A BATTLE BETWEEN EVIL AND EVIL: Nobody likes to see mad, starey-eyed people bringing legal actions over the use of rude words in songs. It's censorship; it's anti-artistry; it's an assault on creativity by the forces of good taste. On the other hand, there are some cheap laughs in the concept of Walmart being sued for selling Evanescence CDs, especially because they're being legally targetted because of WalMart's own policy of censoring the life out of music and refusing to stock foul-mouthed songs.
It was Wal-Mart's obsessive purging of swearing that made Maryland couple Trevin and Melanie Skeens allow their daughter buy the Evanescence album from the store - for there could be nothing on it which would harm their thirteen year old daughter, could there? So imagine their shock when, playing her new album on the way home, the word "FUCK" blared out the in-car stereo. Wal-Mart sold them a fuck. The shop they trusted to protect them from the real world filled their car up with sweary old fuck words. Being America, they decided the only thing they could do would be to sue.

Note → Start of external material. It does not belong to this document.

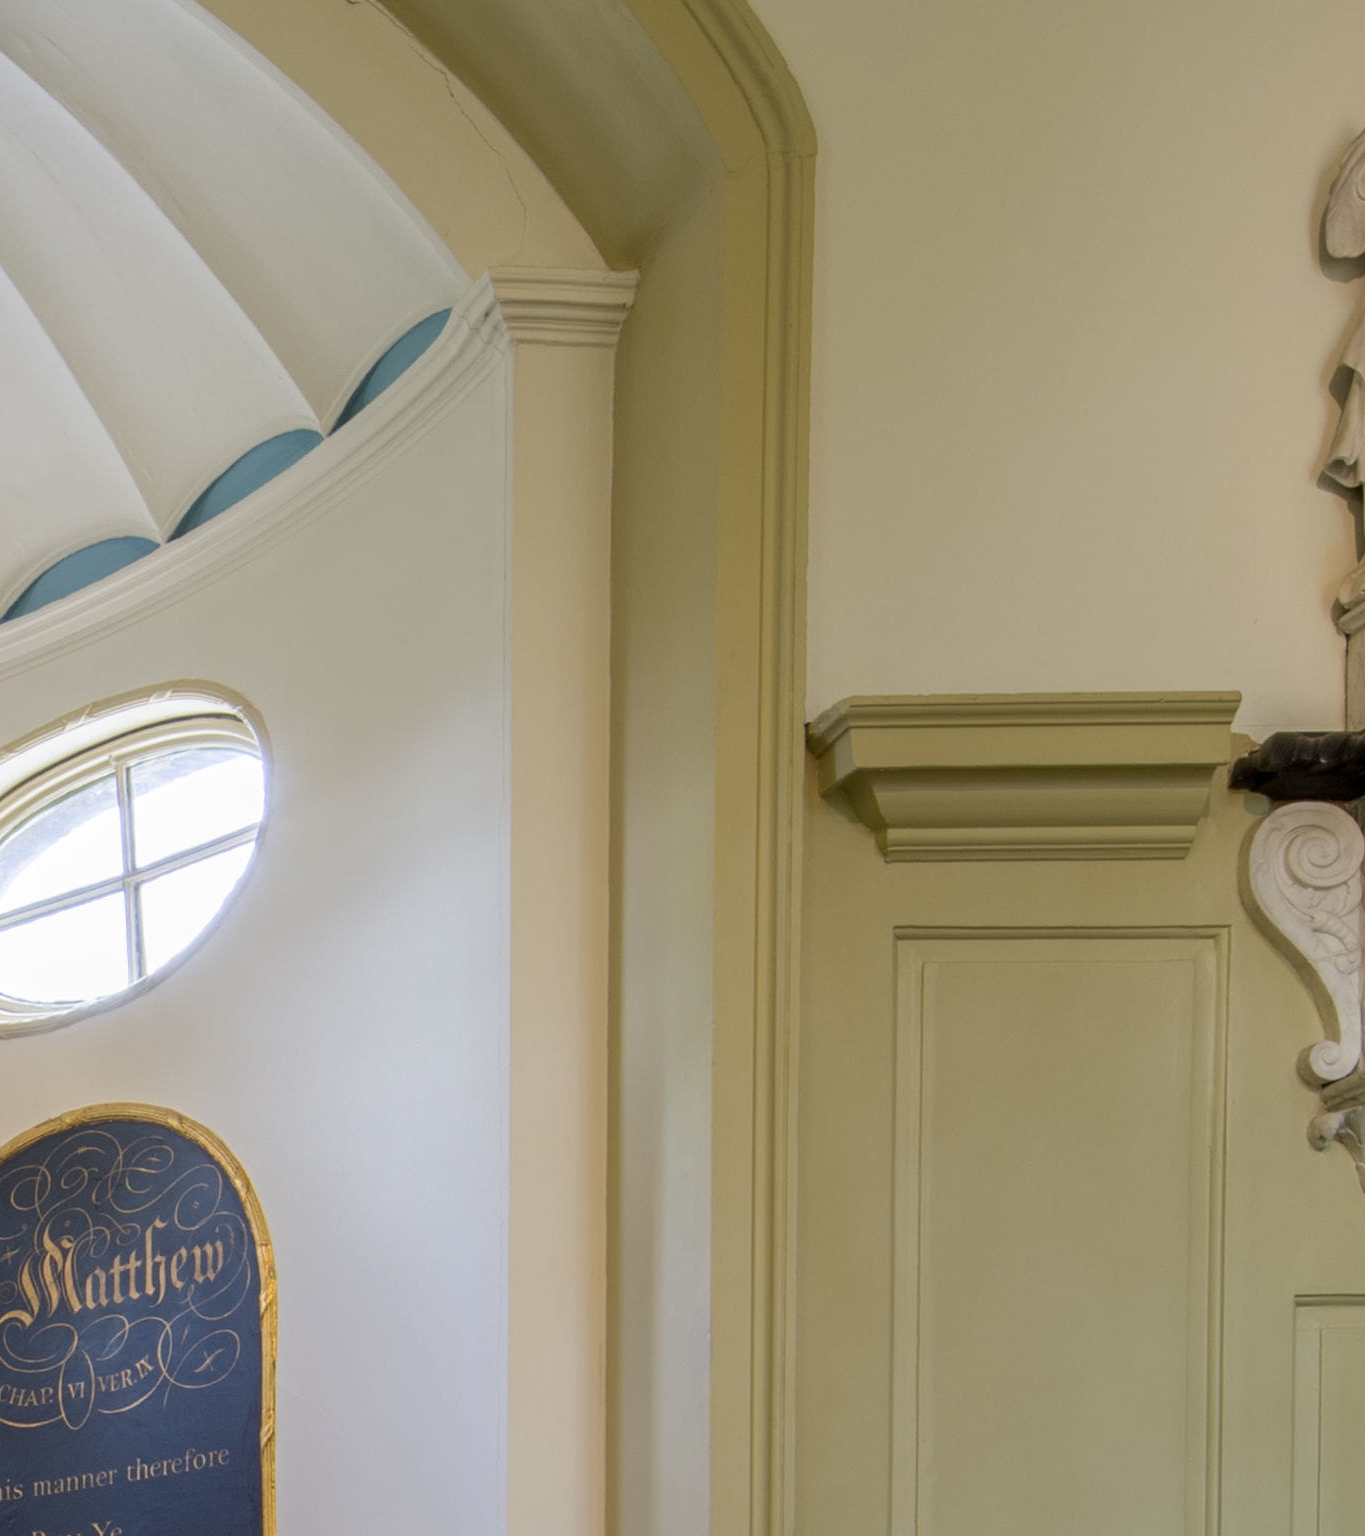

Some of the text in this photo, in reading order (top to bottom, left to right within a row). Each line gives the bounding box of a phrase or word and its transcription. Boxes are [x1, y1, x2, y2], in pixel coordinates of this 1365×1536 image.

The lawsuit Wal-Mart are now facing is demanding not just that the album be flung from the racks of Maryland Wal-Marts, but that Wal-Mart compensate anyone who brought the album at a Maryland Wal-Mart to the tune of USD75,000. The couple believe that their case is strenghtened because the online Walmart.com store censors the fuck in the sample offered of the album: in other word, corporately, WalMart were aware of the swear.